Text-to-region grounding data
%%
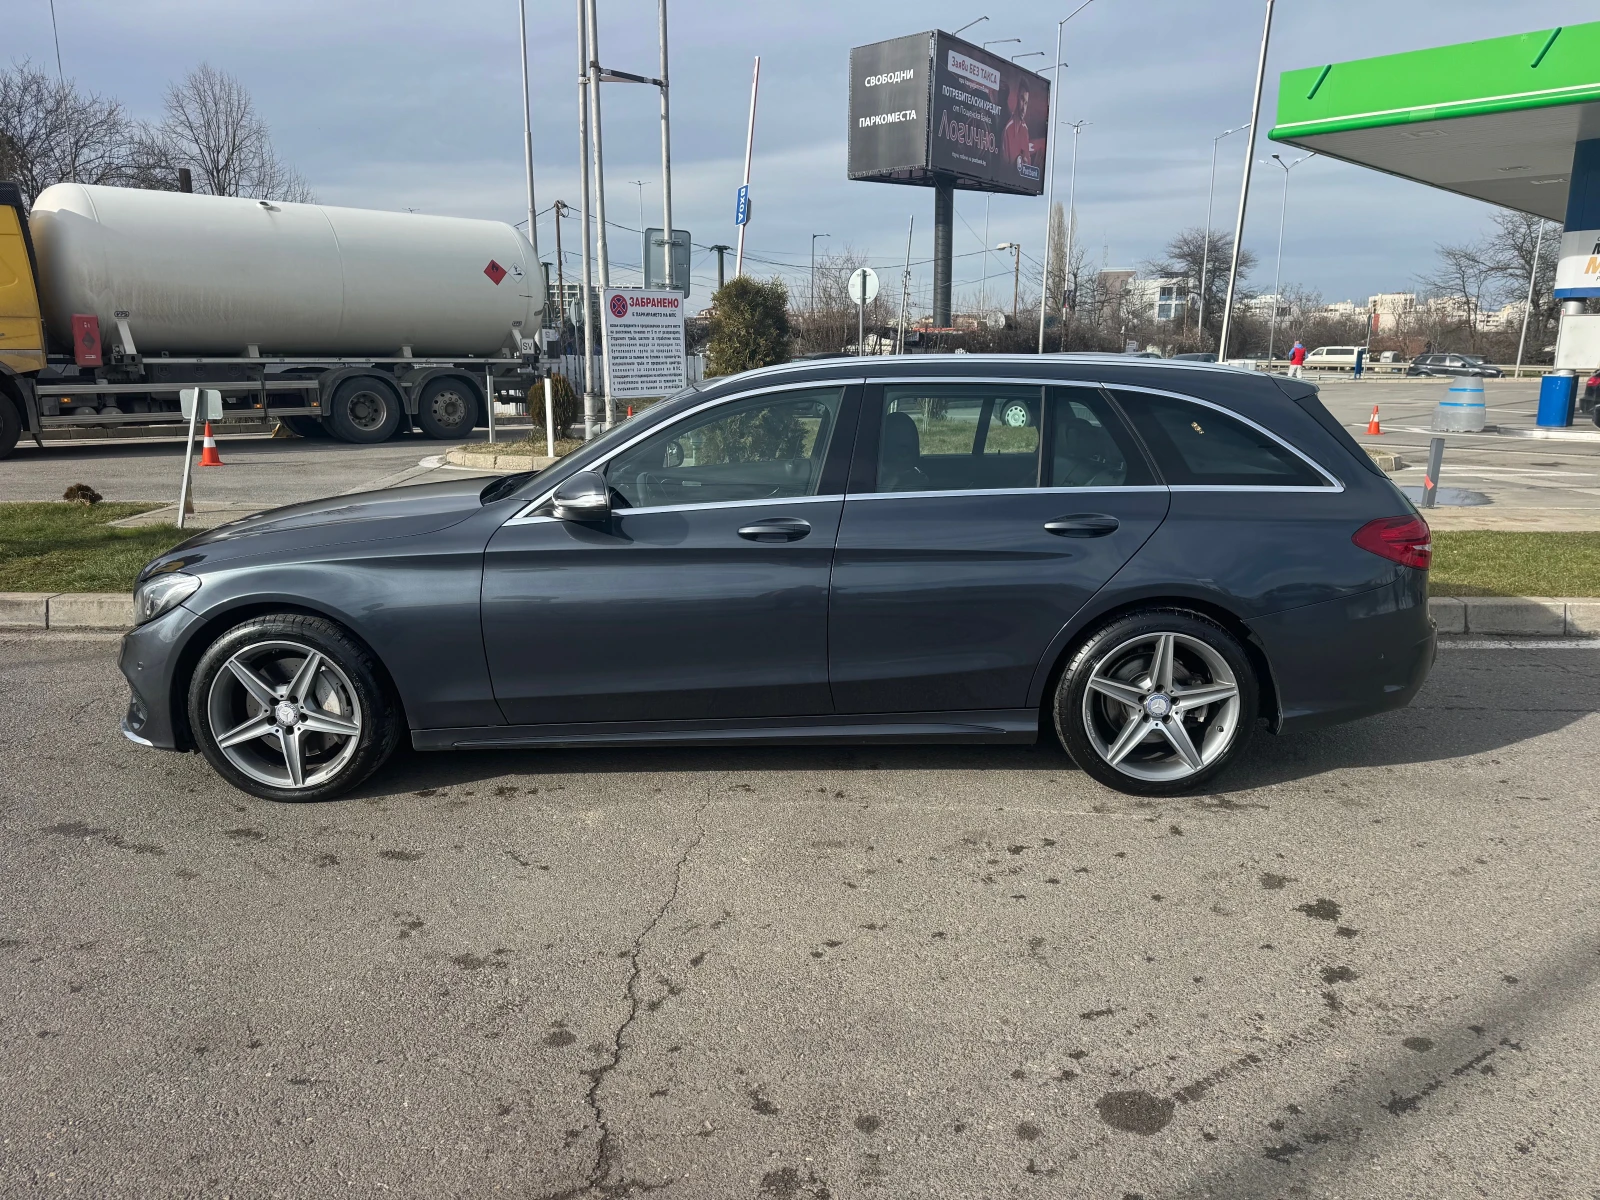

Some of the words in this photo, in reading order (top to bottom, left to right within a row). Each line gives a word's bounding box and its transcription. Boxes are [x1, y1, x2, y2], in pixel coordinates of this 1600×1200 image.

[864, 68, 914, 87] СВОБОДНИ
[952, 56, 968, 72] Заяви
[969, 63, 980, 77] БЕЗ
[980, 68, 997, 84] ТАКСА
[942, 85, 984, 108] ПОТРЕБИТЕЛСКИ
[984, 100, 1002, 116] КРЕДИТ
[859, 110, 917, 128] ПАРКОМЕСТА
[953, 104, 960, 113] от
[960, 106, 980, 120] Пощенска
[938, 110, 998, 154] Логично.
[1022, 166, 1038, 177] Postbank
[629, 297, 679, 308] ЗАБРАНЕНО
[523, 342, 532, 350] SV
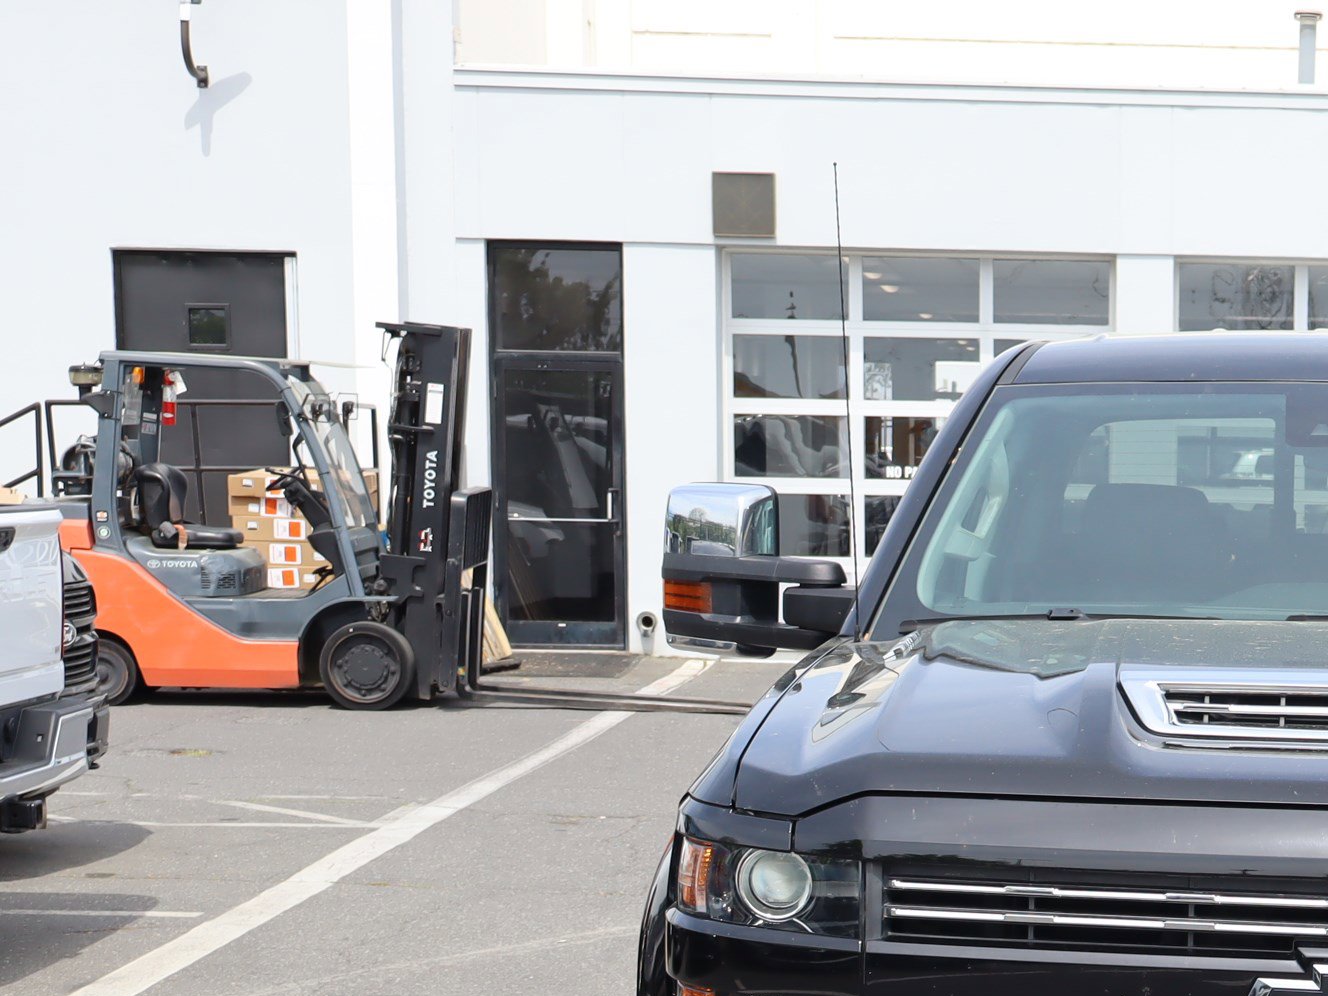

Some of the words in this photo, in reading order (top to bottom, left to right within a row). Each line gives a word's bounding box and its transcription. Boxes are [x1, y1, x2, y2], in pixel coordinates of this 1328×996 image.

[885, 465, 902, 478] NO
[422, 450, 438, 508] TOYOTA
[161, 560, 198, 568] TOYOTA
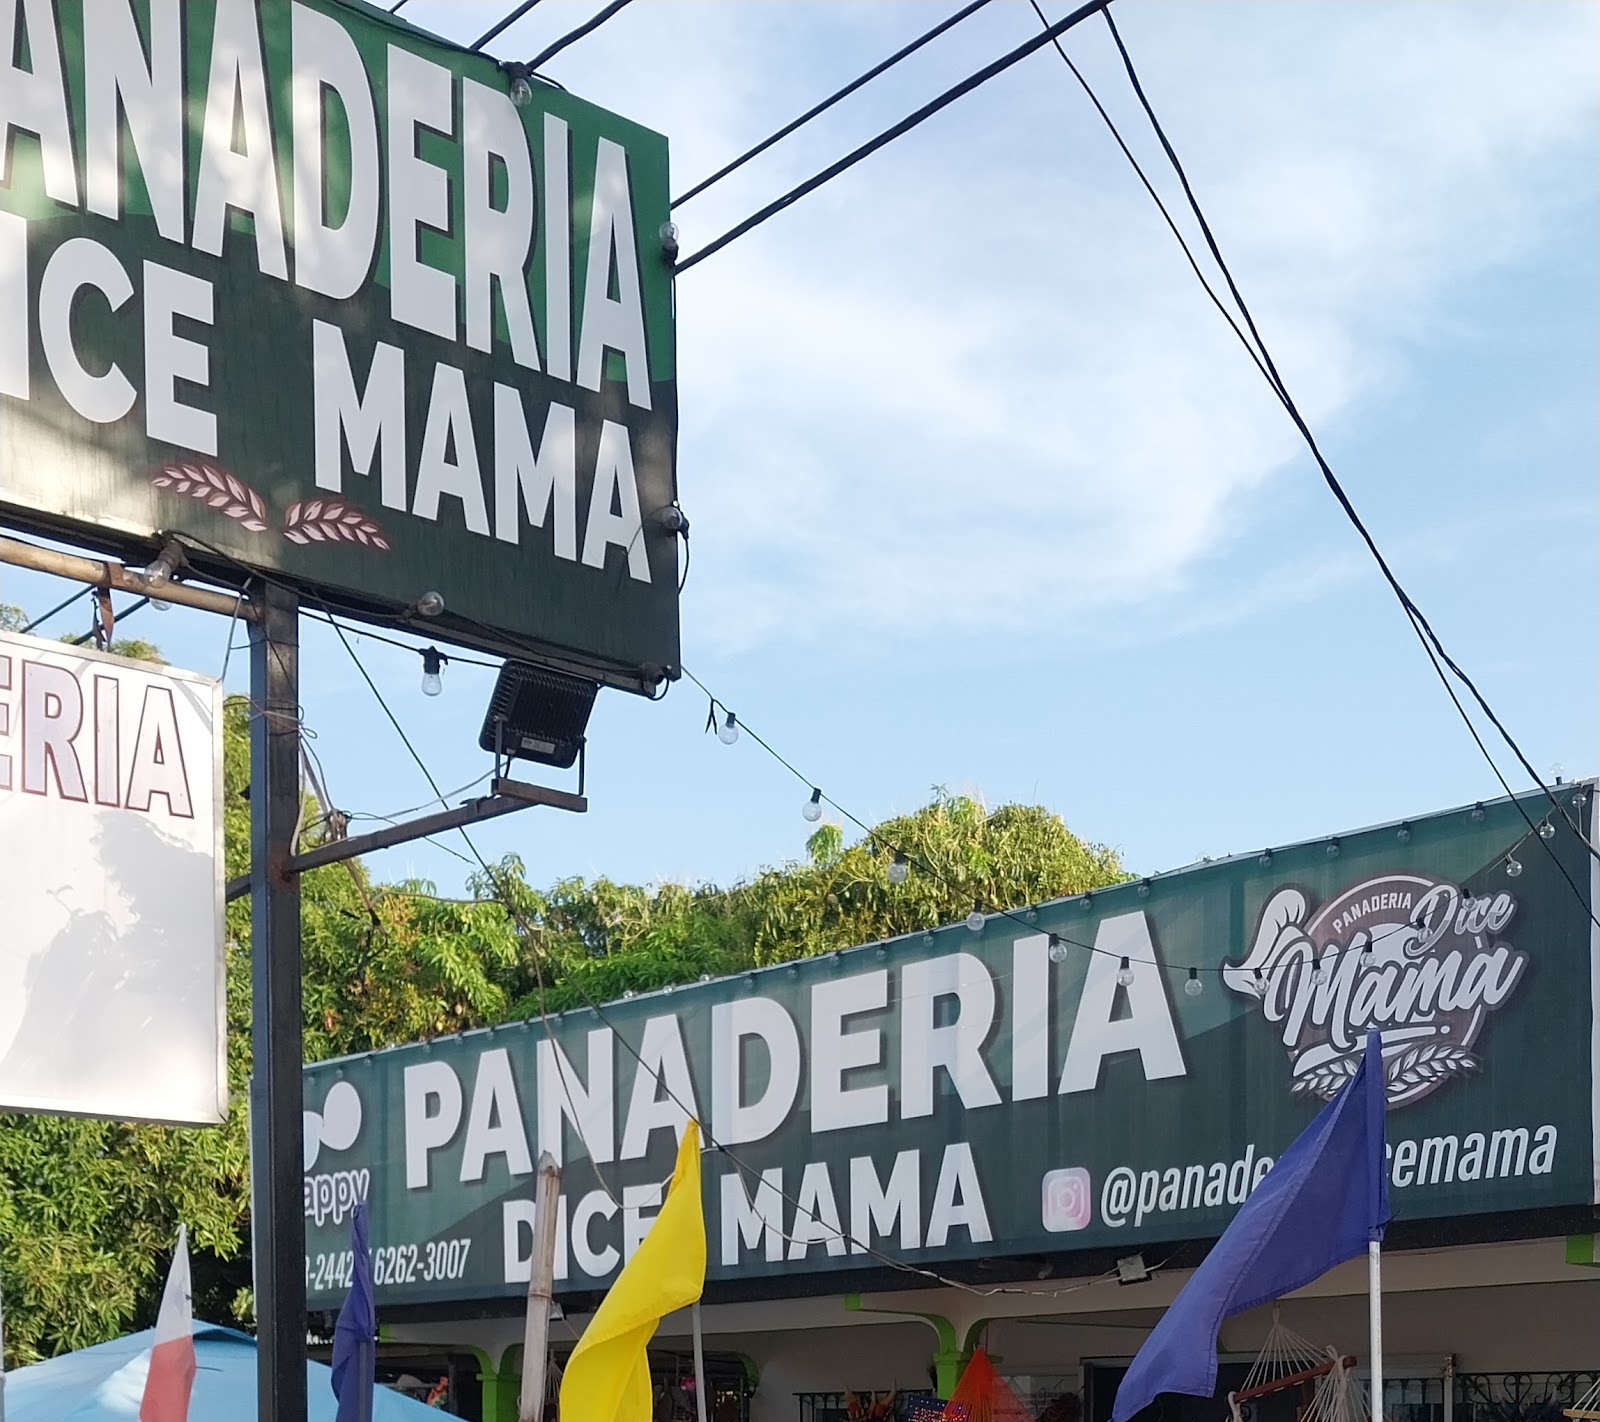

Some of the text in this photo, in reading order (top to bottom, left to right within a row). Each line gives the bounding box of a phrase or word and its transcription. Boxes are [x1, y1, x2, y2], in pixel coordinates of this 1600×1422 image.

[312, 318, 652, 583] MAMA
[1332, 884, 1515, 957] PANADERIA Dice
[1264, 929, 1524, 1047] Mama
[403, 910, 1187, 1190] PANADERIA
[373, 1238, 472, 1286] 6262-3007
[720, 1142, 994, 1266] MAMA
%%
__Problem description__:
Reproduce the data word for word without its images.

__Task response__:
Some of the words in this photo, in reading order (top to bottom, left to right within a row). Each line gives a word's bounding box and its transcription. Boxes are [x1, y1, x2, y2], in pixel coordinates of this 1600×1200 image.

[864, 68, 914, 87] СВОБОДНИ
[952, 56, 968, 72] Заяви
[969, 63, 980, 77] БЕЗ
[980, 68, 997, 84] ТАКСА
[942, 85, 984, 108] ПОТРЕБИТЕЛСКИ
[984, 100, 1002, 116] КРЕДИТ
[859, 110, 917, 128] ПАРКОМЕСТА
[953, 104, 960, 113] от
[960, 106, 980, 120] Пощенска
[938, 110, 998, 154] Логично.
[1022, 166, 1038, 177] Postbank
[629, 297, 679, 308] ЗАБРАНЕНО
[523, 342, 532, 350] SV

Some of the words in this photo, in reading order (top to bottom, left to right within a row). Each line gives a word's bounding box and its transcription. Boxes are [x1, y1, x2, y2], in pixel coordinates of this 1328×996 image.

[885, 465, 902, 478] NO
[422, 450, 438, 508] TOYOTA
[161, 560, 198, 568] TOYOTA

Some of the text in this photo, in reading order (top to bottom, left to right within a row). Each line gives the bounding box of a phrase or word and its transcription. Boxes are [x1, y1, x2, y2], in pixel coordinates of this 1600×1422 image.

[312, 318, 652, 583] MAMA
[1332, 884, 1515, 957] PANADERIA Dice
[1264, 929, 1524, 1047] Mama
[403, 910, 1187, 1190] PANADERIA
[373, 1238, 472, 1286] 6262-3007
[720, 1142, 994, 1266] MAMA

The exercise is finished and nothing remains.